───── DATASET RECORDS
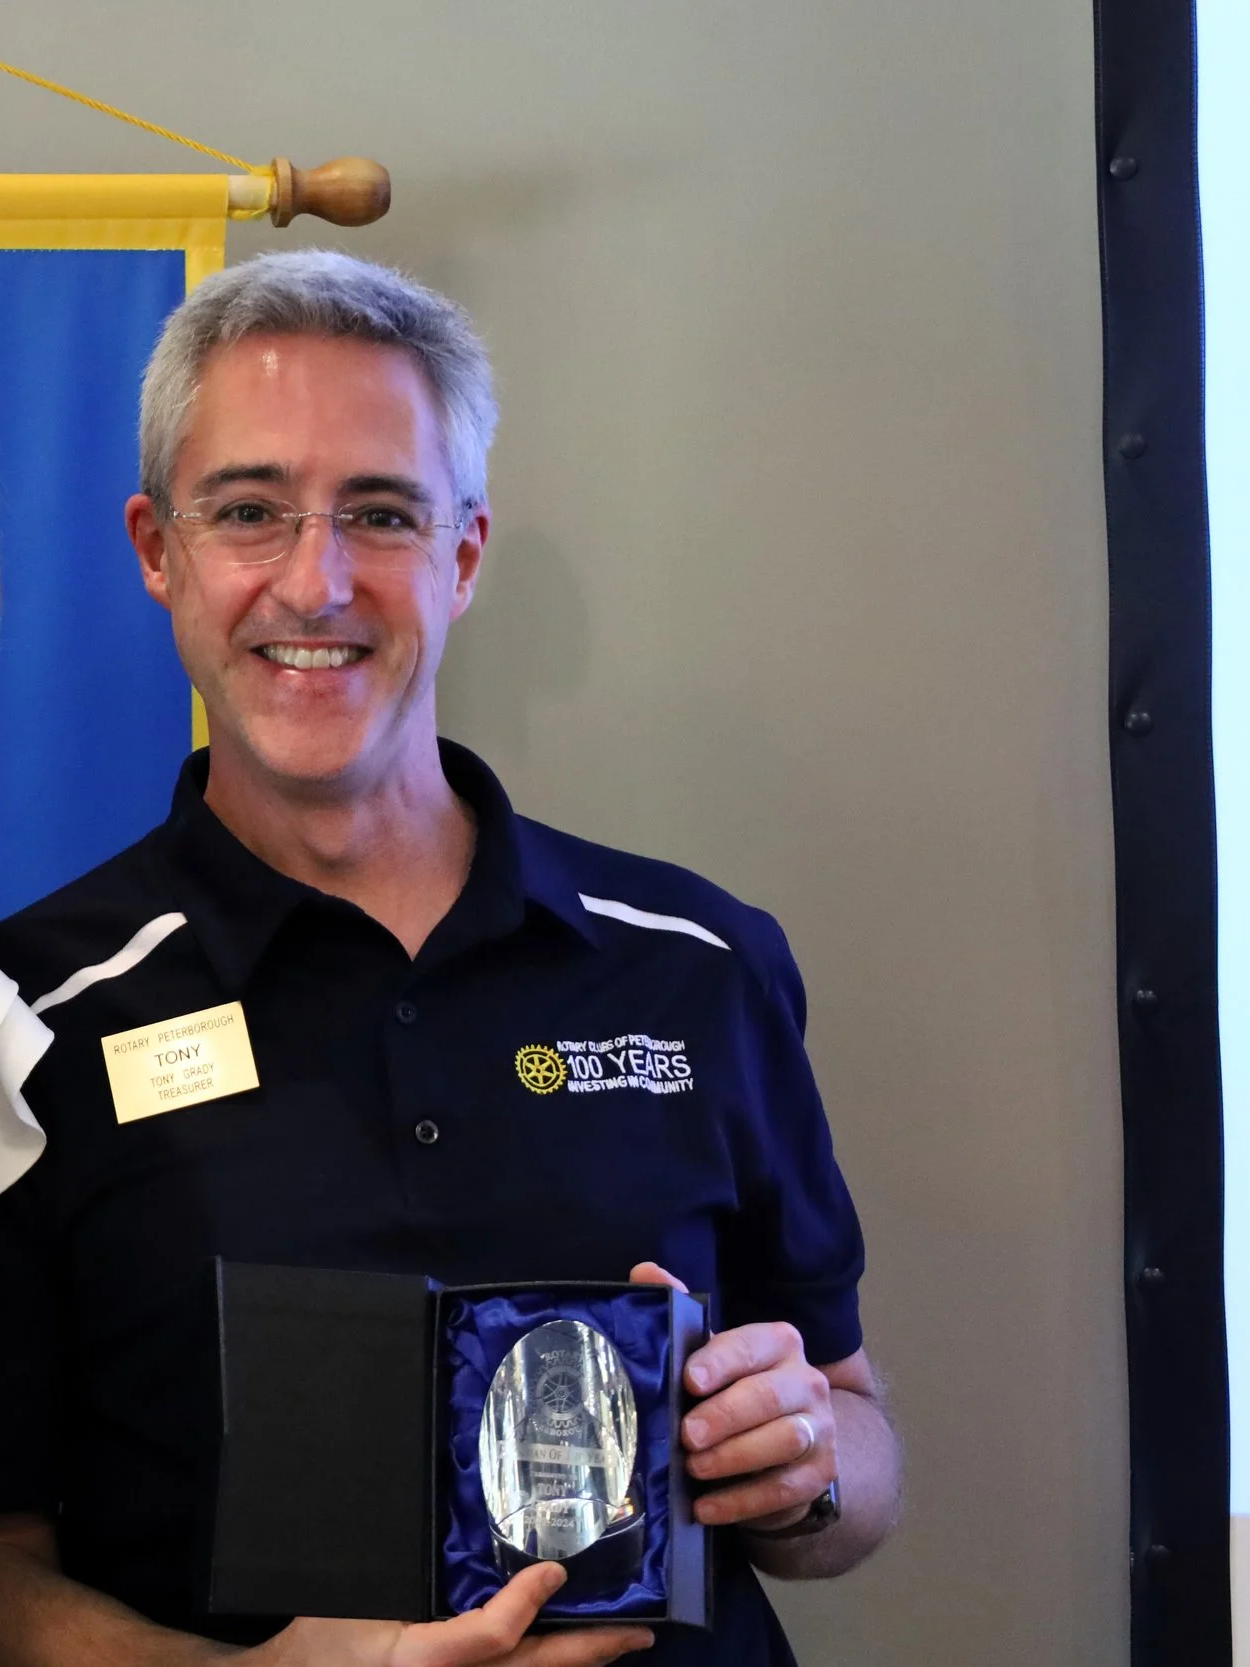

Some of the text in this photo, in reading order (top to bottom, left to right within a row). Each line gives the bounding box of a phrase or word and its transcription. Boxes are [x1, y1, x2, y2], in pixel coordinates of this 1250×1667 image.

[113, 1014, 235, 1055] ROTARY PETERBOROUGH
[556, 1040, 587, 1052] ROTARY
[614, 1035, 628, 1048] OF
[627, 1033, 686, 1052] PETOROUGH
[153, 1044, 202, 1068] TONY
[566, 1049, 692, 1080] 100 YEARS
[149, 1062, 215, 1089] TONY GRADY
[567, 1075, 628, 1093] INVESTING
[627, 1075, 640, 1088] IN
[157, 1077, 215, 1101] TREASURER
[537, 1483, 567, 1497] TONY
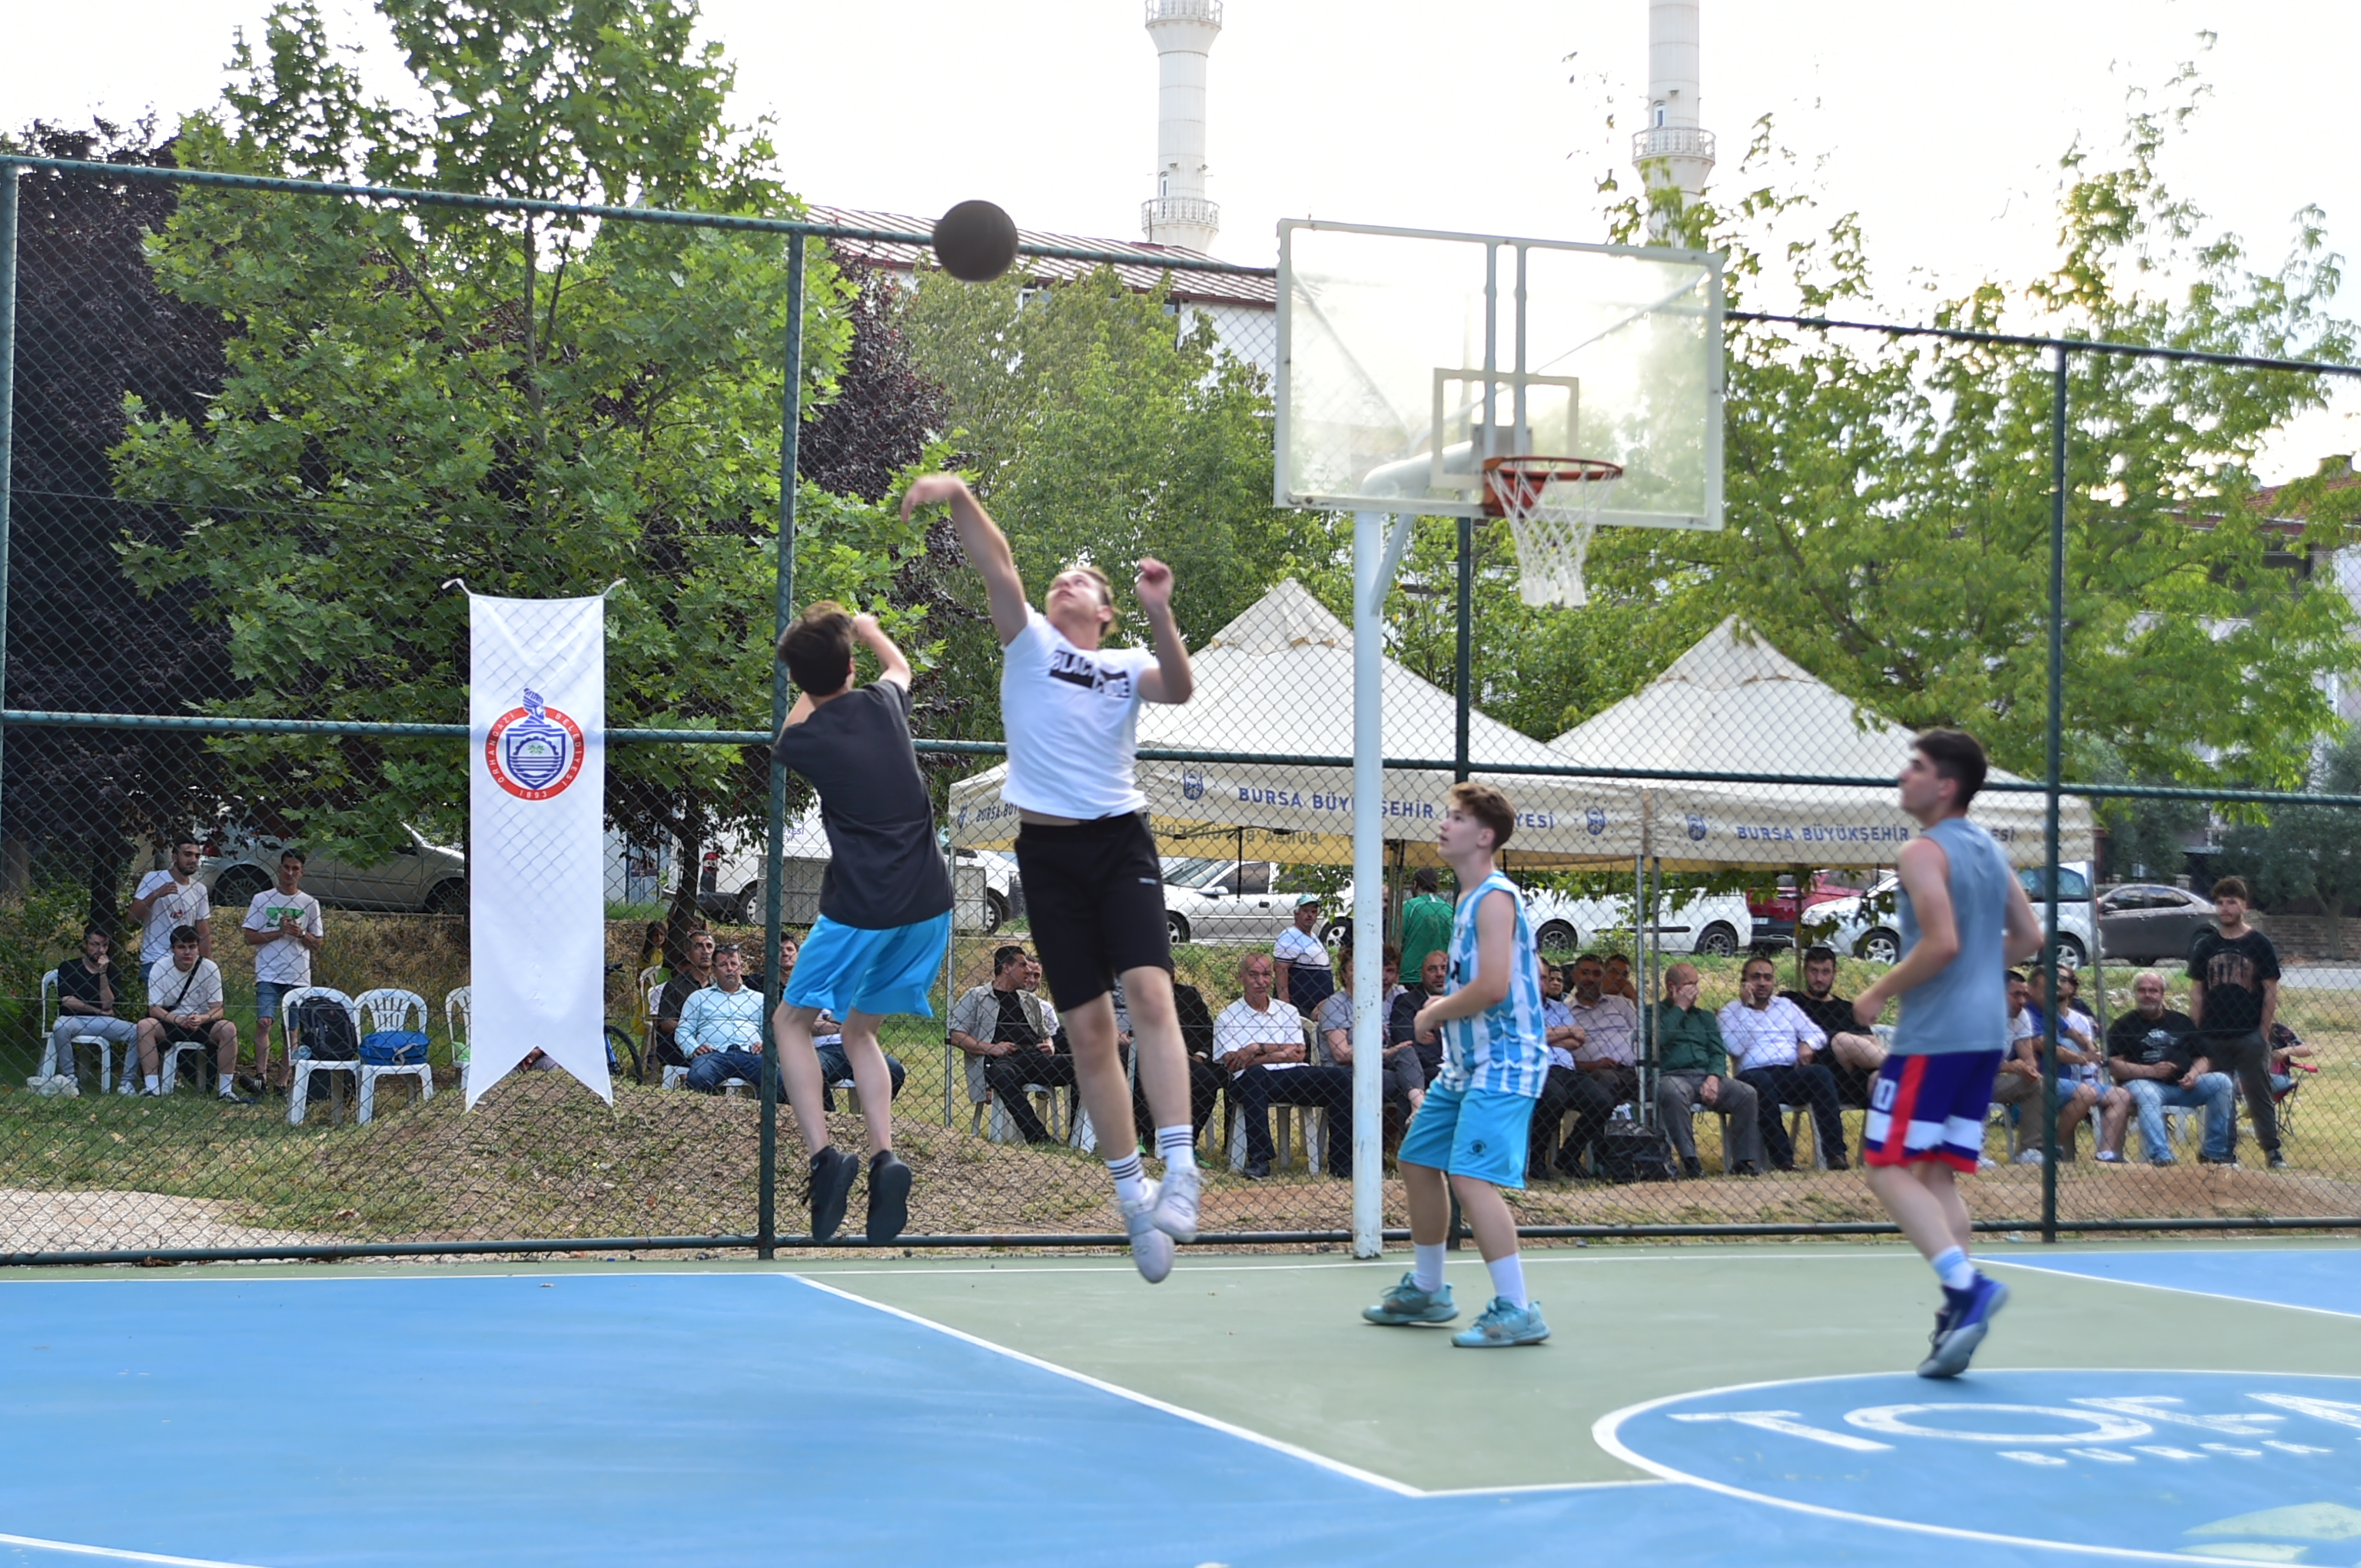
──────────
* TASK TO COMPLETE *
The data above must be written out again word for word, without its pictures.

* TASK ANSWER *
Some of the text in this photo, in reading order (top to bottom, left to right within a row). Each line gives the bounding box of a phrase or word and its transcription. Boxes are [x1, y1, x2, y2], in pixel coordinates of this 1250×1667 image.

[113, 1014, 235, 1055] ROTARY PETERBOROUGH
[556, 1040, 587, 1052] ROTARY
[614, 1035, 628, 1048] OF
[627, 1033, 686, 1052] PETOROUGH
[153, 1044, 202, 1068] TONY
[566, 1049, 692, 1080] 100 YEARS
[149, 1062, 215, 1089] TONY GRADY
[567, 1075, 628, 1093] INVESTING
[627, 1075, 640, 1088] IN
[157, 1077, 215, 1101] TREASURER
[537, 1483, 567, 1497] TONY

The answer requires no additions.